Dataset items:
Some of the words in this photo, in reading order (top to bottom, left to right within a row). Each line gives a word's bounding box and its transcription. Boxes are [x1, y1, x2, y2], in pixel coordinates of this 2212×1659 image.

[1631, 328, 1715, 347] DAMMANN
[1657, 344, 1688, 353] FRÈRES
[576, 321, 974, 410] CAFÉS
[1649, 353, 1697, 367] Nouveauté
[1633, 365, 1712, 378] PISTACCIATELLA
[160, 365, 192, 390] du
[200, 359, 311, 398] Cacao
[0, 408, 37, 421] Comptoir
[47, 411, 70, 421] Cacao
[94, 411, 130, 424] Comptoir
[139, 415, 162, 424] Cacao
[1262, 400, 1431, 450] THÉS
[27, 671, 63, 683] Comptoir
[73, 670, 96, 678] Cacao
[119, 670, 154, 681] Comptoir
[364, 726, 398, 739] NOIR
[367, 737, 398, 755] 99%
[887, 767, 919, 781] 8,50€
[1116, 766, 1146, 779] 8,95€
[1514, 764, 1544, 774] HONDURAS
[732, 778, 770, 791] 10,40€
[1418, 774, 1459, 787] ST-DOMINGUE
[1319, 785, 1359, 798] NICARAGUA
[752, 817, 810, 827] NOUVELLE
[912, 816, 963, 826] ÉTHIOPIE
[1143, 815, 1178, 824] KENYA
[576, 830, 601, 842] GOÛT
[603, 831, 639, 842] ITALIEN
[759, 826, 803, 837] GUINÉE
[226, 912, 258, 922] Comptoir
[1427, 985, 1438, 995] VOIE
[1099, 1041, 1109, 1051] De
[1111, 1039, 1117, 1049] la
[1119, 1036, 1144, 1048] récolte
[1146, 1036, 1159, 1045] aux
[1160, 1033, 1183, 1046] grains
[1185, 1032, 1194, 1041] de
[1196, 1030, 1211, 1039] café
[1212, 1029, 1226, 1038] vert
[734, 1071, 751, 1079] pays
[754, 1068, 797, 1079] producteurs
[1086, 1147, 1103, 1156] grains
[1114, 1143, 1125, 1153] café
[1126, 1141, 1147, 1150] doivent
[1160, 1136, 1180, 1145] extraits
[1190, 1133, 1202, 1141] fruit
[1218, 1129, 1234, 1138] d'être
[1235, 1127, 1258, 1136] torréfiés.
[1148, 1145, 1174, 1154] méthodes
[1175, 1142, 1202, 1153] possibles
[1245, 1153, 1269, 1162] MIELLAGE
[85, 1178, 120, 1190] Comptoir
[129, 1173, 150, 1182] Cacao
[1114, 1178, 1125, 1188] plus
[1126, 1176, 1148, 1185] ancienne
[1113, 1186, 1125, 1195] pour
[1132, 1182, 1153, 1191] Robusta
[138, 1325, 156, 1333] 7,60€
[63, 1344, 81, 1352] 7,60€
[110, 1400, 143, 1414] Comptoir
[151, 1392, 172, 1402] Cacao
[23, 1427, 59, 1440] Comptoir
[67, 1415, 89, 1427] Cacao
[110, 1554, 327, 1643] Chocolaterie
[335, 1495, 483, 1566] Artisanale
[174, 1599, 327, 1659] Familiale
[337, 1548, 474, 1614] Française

» Work to be completed
Read through the entries above, and wherever a line holds the string "Comptoir", copy it.

» Exercise response
[0, 408, 37, 421] Comptoir
[94, 411, 130, 424] Comptoir
[27, 671, 63, 683] Comptoir
[119, 670, 154, 681] Comptoir
[226, 912, 258, 922] Comptoir
[85, 1178, 120, 1190] Comptoir
[110, 1400, 143, 1414] Comptoir
[23, 1427, 59, 1440] Comptoir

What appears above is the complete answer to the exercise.